• Required action: Word for word, restate the listing that follows and leave out the images.
*** Records ***
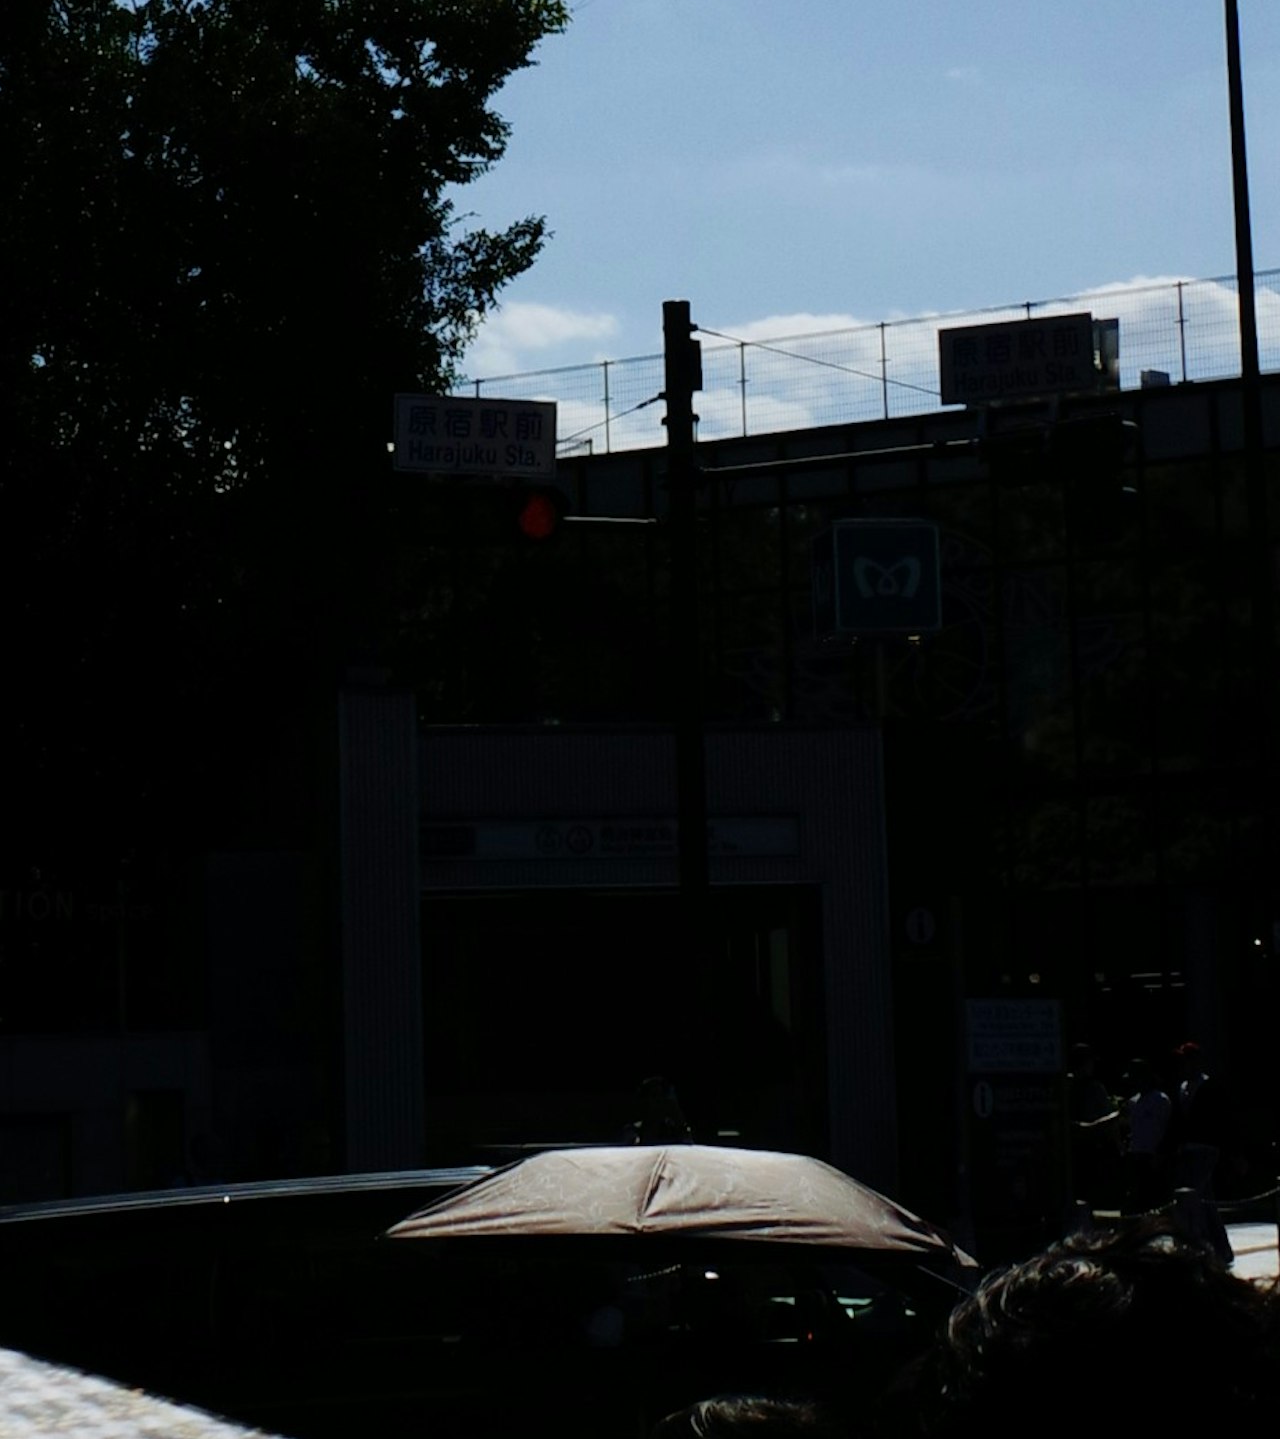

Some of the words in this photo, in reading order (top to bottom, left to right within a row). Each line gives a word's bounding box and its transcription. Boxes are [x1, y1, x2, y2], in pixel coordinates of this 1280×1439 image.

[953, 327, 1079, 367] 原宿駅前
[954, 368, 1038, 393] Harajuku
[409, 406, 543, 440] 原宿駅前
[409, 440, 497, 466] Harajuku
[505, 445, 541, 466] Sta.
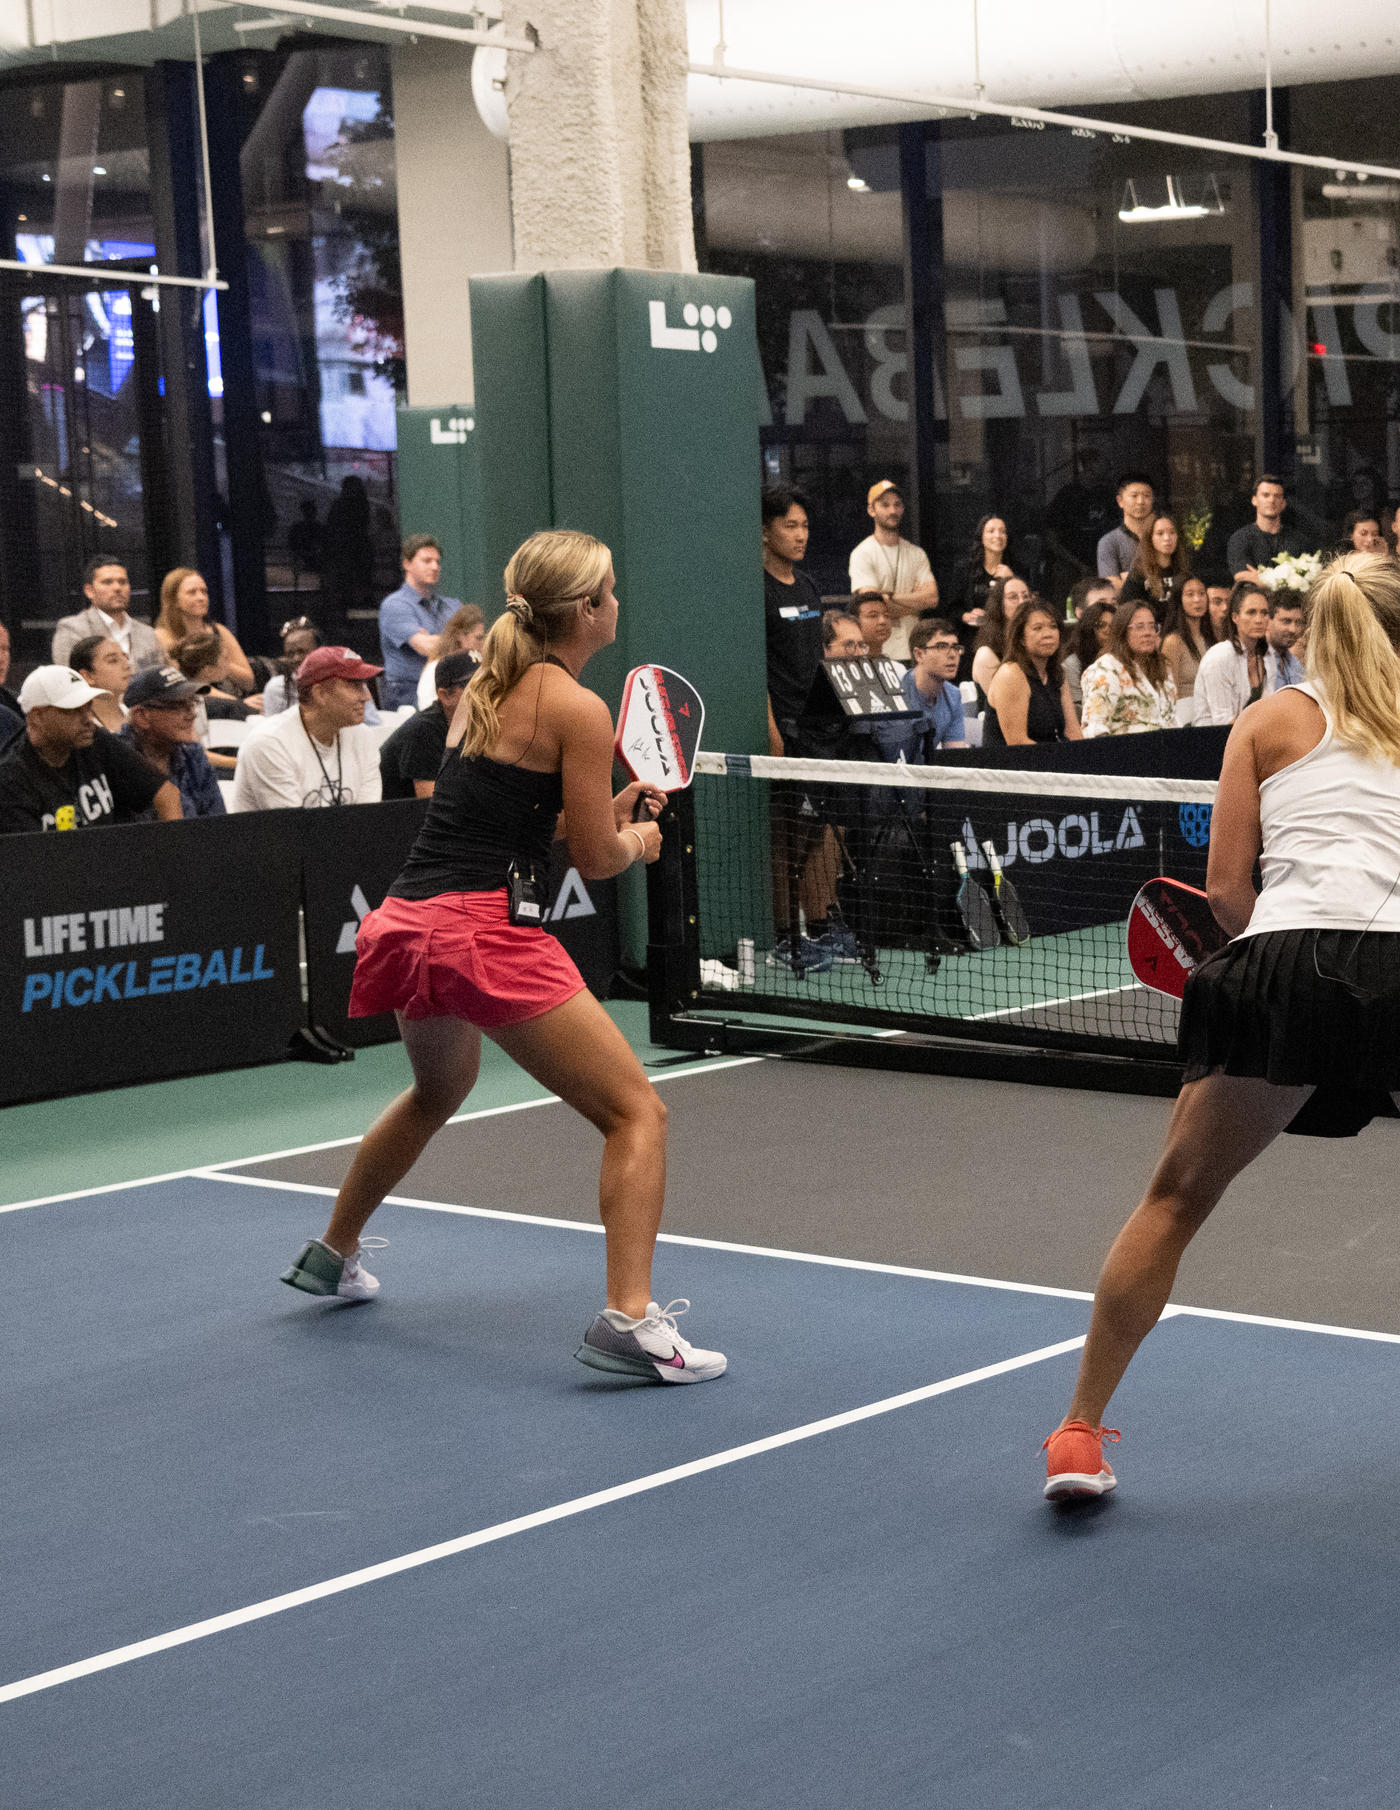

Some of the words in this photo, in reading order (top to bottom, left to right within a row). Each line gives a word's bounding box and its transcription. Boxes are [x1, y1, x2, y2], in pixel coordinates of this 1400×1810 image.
*** End of Records ***
• Reply:
Some of the words in this photo, in reading order (top to bottom, left to right within a row). Each line gives a word's bounding box and its transcription. Boxes are [x1, y1, x2, y2], in pixel coordinates of this 1280×1439 image.

[953, 327, 1079, 367] 原宿駅前
[954, 368, 1038, 393] Harajuku
[409, 406, 543, 440] 原宿駅前
[409, 440, 497, 466] Harajuku
[505, 445, 541, 466] Sta.

Some of the words in this photo, in reading order (top to bottom, left to right within a row). Each line gives a word's bounding box and its transcription. Boxes are [x1, y1, x2, y2], in pixel coordinates of this 1400×1810 image.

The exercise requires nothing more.